## WHAT IS EXPECTED
Copy the listing exactly; drop the pictures.
_ _ _ _ _
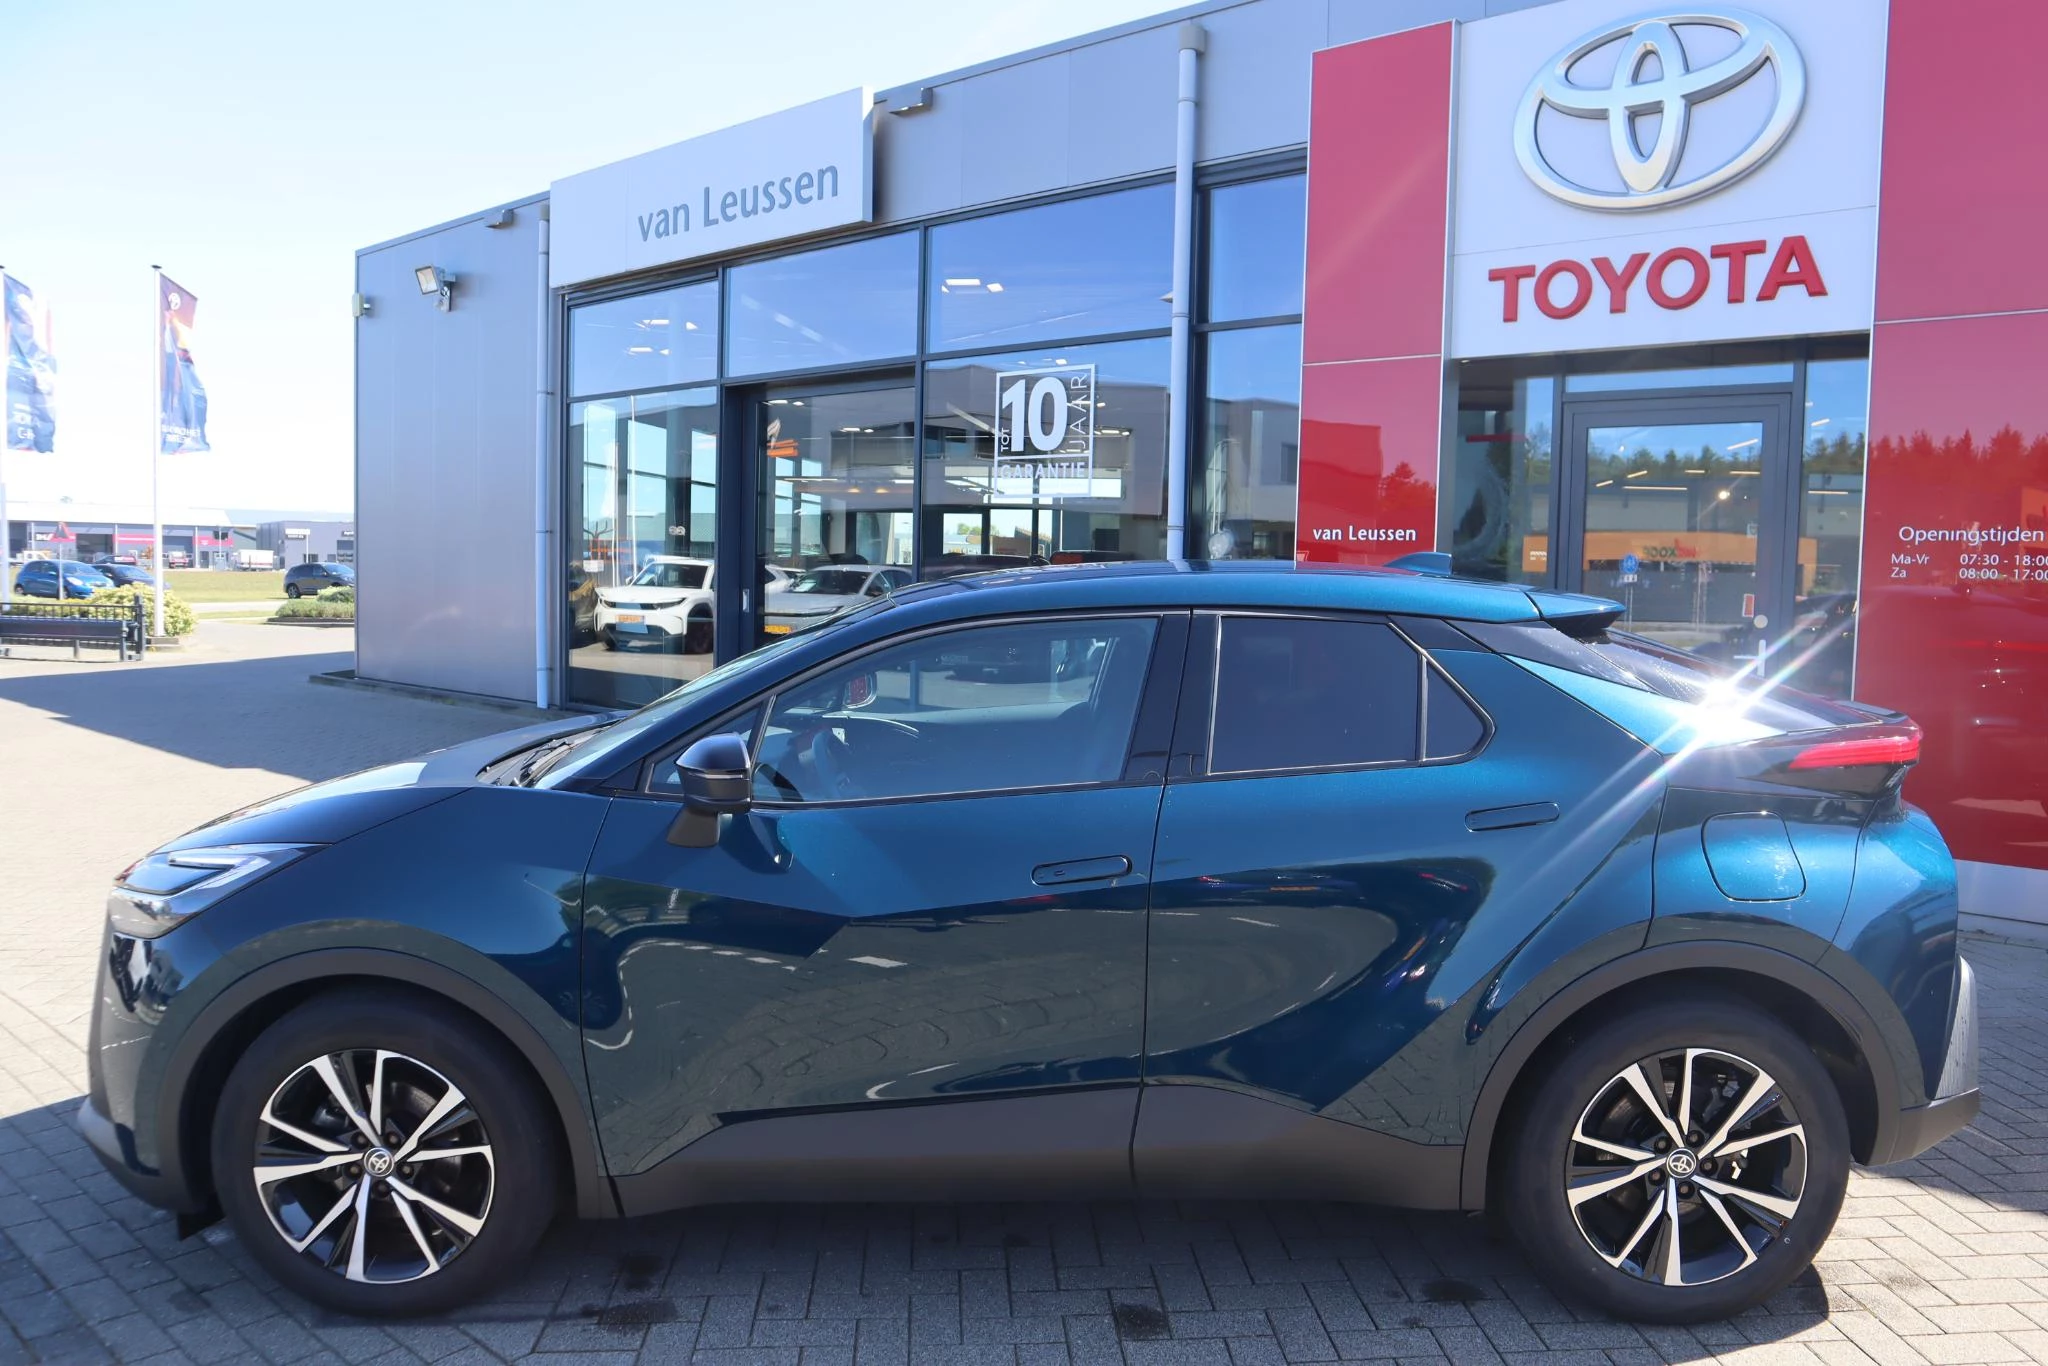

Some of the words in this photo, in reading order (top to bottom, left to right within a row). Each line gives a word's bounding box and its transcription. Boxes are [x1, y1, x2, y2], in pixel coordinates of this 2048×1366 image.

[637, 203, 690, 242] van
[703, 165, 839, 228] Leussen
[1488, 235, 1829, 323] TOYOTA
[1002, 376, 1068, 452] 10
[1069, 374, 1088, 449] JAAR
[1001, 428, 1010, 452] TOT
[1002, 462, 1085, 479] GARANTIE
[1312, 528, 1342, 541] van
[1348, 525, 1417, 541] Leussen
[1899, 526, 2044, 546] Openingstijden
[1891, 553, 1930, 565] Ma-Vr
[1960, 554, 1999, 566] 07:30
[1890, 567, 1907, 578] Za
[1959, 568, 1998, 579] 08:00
_ _ _ _ _
## ANSWER TO THIS TASK
Some of the words in this photo, in reading order (top to bottom, left to right within a row). Each line gives a word's bounding box and its transcription. Boxes are [x1, y1, x2, y2], in pixel coordinates of this 2048×1366 image.

[637, 203, 690, 242] van
[703, 165, 839, 228] Leussen
[1488, 235, 1829, 323] TOYOTA
[1002, 376, 1068, 452] 10
[1069, 374, 1088, 449] JAAR
[1001, 428, 1010, 452] TOT
[1002, 462, 1085, 479] GARANTIE
[1312, 528, 1342, 541] van
[1348, 525, 1417, 541] Leussen
[1899, 526, 2044, 546] Openingstijden
[1891, 553, 1930, 565] Ma-Vr
[1960, 554, 1999, 566] 07:30
[1890, 567, 1907, 578] Za
[1959, 568, 1998, 579] 08:00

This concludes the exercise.